What to produce
Pictures aside, write every record out again word for word.
START The data
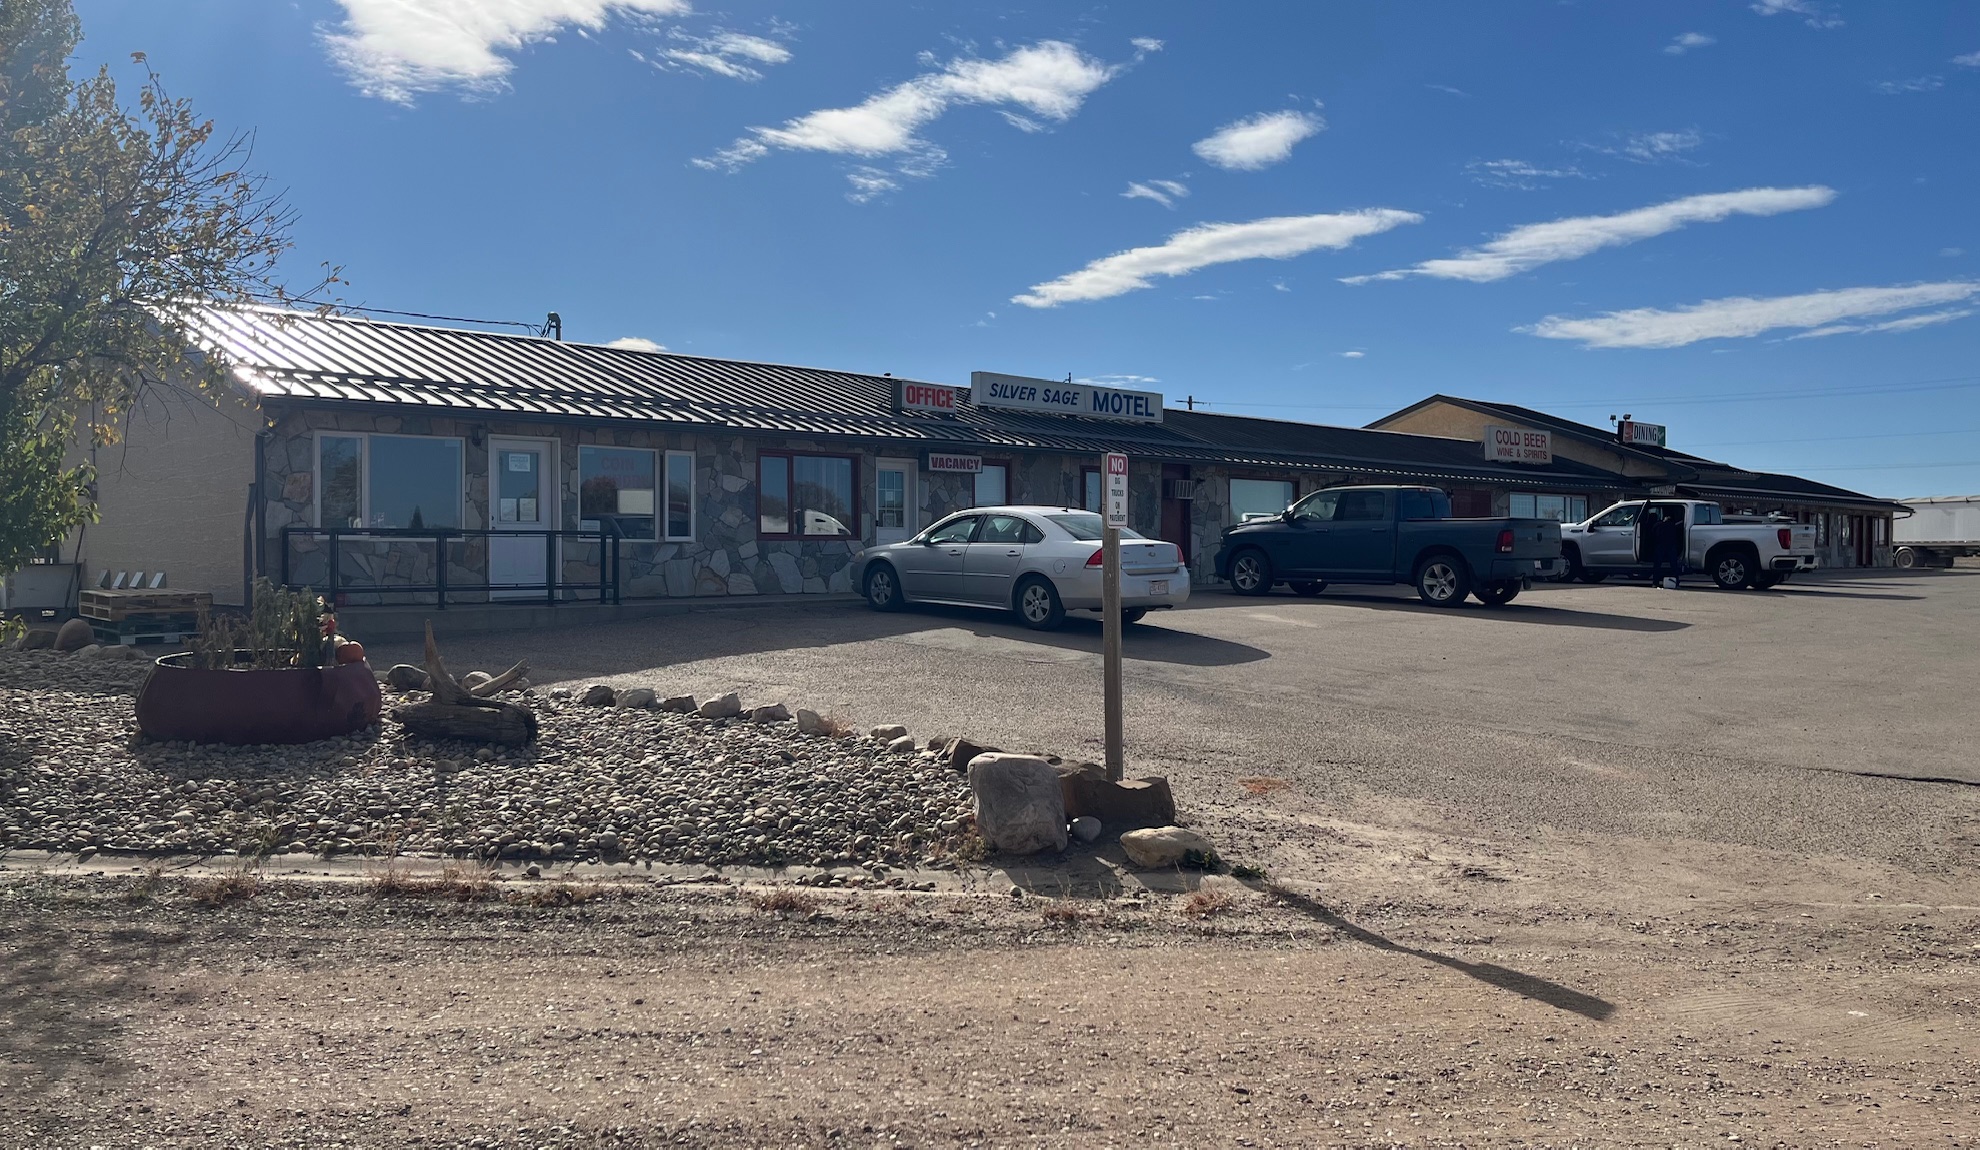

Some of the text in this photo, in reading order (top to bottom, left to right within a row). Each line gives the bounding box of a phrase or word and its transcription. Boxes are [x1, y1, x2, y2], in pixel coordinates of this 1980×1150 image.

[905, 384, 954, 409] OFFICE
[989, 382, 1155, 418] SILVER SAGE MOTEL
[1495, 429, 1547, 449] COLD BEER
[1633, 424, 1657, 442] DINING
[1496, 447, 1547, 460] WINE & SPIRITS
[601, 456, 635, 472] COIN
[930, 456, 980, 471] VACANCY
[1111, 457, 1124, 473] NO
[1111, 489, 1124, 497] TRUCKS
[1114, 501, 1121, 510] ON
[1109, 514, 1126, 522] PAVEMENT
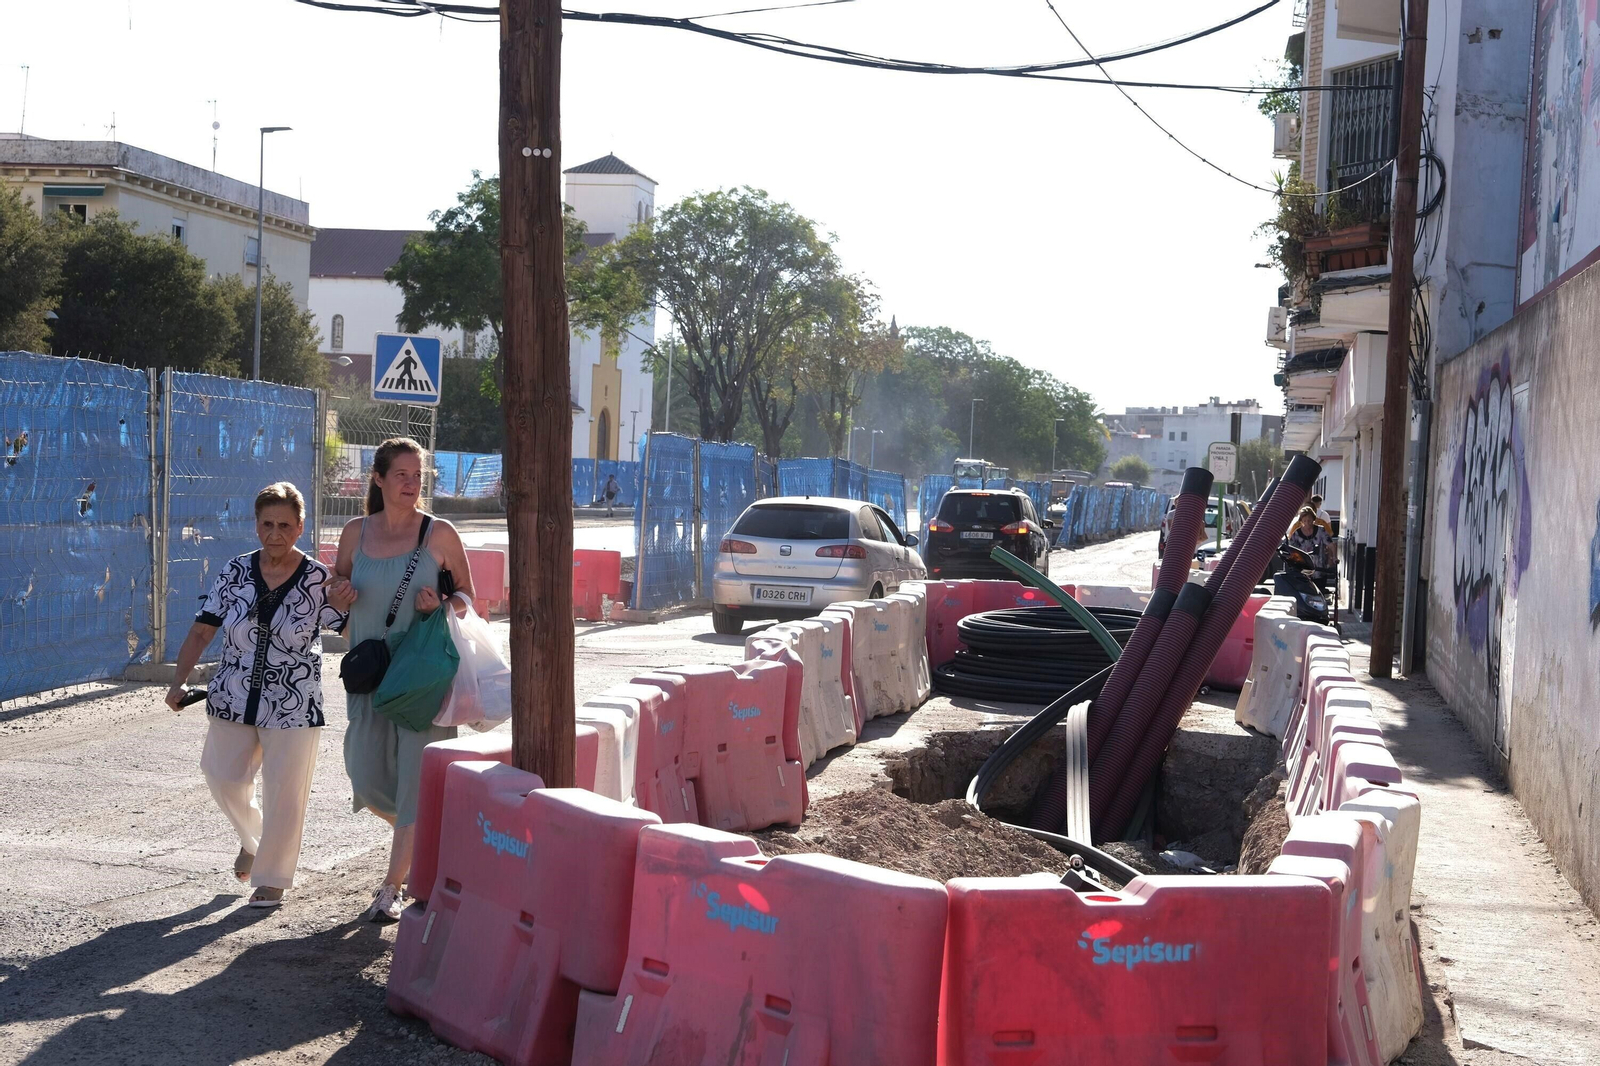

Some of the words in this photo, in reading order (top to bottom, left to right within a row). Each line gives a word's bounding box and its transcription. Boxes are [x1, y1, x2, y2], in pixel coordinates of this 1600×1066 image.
END The data
Finished task
Some of the text in this photo, in reading order (top to bottom, left to right within a row). Each line gives the bounding box of a phrase or word and its transcription. Boxes are [x1, y1, x2, y2], in pixel coordinates of this 1980×1150 image.

[905, 384, 954, 409] OFFICE
[989, 382, 1155, 418] SILVER SAGE MOTEL
[1495, 429, 1547, 449] COLD BEER
[1633, 424, 1657, 442] DINING
[1496, 447, 1547, 460] WINE & SPIRITS
[601, 456, 635, 472] COIN
[930, 456, 980, 471] VACANCY
[1111, 457, 1124, 473] NO
[1111, 489, 1124, 497] TRUCKS
[1114, 501, 1121, 510] ON
[1109, 514, 1126, 522] PAVEMENT

Some of the words in this photo, in reading order (top to bottom, left to right within a row). Each line gives a word's bounding box and its transcription. Boxes are [x1, y1, x2, y2], in pixel coordinates of this 1600×1066 image.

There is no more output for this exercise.